Hippocampal organotypic slice cultures were prepared from female neonatal (9–11 days old) Sprague–Dawley rats and the details of slice culture are as described previously [46,52,53,54]. Briefly, hippocampal slices were cultured for 14–20 days followed by exposure to nicotine (100 ng/mL) or saline (vehicle) for 14–16 days. At the end of the treatment period (~29–37 days), a subgroup of slices (either treated with nicotine or saline) were exposed to the inflammasome inhibitor isoliquiritigenin (ILG; Invivogen, San Diego, CA, USA) at different concentrations (1, 10, or 40 µM) dissolved in dimethyl sulfoxide (DMSO; Sigma-Aldrich, St. Louis, MO, USA) or vehicle control DMSO (1 µL/mL of medium) for 24 h.

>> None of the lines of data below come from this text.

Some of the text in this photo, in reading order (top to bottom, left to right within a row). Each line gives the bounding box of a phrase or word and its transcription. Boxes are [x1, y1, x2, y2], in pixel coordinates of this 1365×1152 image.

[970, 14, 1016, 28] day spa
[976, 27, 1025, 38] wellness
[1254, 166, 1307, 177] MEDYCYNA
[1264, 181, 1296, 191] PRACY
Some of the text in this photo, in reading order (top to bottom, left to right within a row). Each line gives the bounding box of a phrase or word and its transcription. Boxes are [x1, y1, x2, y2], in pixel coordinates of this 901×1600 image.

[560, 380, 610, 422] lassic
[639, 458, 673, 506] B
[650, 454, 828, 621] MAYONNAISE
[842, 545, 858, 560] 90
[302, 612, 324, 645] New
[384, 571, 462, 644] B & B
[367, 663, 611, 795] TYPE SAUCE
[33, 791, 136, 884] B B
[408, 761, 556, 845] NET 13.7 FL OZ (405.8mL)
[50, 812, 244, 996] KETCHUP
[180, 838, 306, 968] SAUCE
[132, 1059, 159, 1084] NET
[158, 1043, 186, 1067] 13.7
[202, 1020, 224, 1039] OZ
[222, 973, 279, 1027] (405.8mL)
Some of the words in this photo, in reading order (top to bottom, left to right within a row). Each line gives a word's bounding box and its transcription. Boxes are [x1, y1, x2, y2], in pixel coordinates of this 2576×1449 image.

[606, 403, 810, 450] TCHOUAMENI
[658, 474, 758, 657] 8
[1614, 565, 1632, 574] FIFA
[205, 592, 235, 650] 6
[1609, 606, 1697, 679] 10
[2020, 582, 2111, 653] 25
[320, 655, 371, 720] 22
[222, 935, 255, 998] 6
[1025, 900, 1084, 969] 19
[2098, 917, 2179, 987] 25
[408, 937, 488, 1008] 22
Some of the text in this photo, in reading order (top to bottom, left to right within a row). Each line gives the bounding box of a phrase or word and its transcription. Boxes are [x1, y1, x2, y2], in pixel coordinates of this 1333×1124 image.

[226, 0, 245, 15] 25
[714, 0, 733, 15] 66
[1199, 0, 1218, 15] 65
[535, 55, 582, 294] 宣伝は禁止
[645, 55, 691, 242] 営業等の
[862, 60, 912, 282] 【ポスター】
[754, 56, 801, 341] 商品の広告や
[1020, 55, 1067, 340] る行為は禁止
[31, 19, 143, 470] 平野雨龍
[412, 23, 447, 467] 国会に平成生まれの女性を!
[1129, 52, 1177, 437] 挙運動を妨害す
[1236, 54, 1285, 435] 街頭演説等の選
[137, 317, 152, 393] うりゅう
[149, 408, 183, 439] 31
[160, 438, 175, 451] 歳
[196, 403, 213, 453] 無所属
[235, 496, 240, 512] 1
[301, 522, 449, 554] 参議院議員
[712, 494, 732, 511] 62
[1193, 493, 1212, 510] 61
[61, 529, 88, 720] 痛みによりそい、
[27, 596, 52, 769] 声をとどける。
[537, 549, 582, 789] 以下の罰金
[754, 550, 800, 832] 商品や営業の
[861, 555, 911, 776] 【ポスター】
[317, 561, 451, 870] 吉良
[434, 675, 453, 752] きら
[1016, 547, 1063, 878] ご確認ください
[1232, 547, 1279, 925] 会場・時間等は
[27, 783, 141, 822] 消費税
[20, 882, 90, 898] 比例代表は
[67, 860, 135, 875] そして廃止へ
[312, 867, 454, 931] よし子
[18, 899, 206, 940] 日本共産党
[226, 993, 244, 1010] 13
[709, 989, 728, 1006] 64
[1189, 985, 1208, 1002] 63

After inhibitor/control treatment, each subgroup was exposed to OGD (45 min) as described [46,52,53,54]. To determine the extent of neuronal damage following OGD, we used the propidium iodide (PI) method [46,52,53,54]. Briefly, slices were incubated in culture medium supplemented with 2 µg/mL PI (Sigma, St. Louis, MO, USA) for 1 h. Images were taken using an inverted fluorescence microscope. Images of the cultured slices were taken (1) at baseline prior to the ‘test’ ischemia procedure; (2) 24 h after the ‘test’ ischemic insult to assess ischemic damage; and (3) 24 h after N-methyl-d-aspartate (NMDA) treatment to assess maximum damage to neuronal cells. The hippocampal CA1 subfield was chosen as the region of interest, and quantification was performed using Scion Image software [46,52,53,54]. The percentage of relative optical intensity (ROI) served as an index of neuronal cell death [46,52,53,54].

4.8. Statistical Analysis

The data are presented as mean value ± SEM and results were analyzed by a two-tailed Student’s t test and p < 0.05 was considered statistically significant.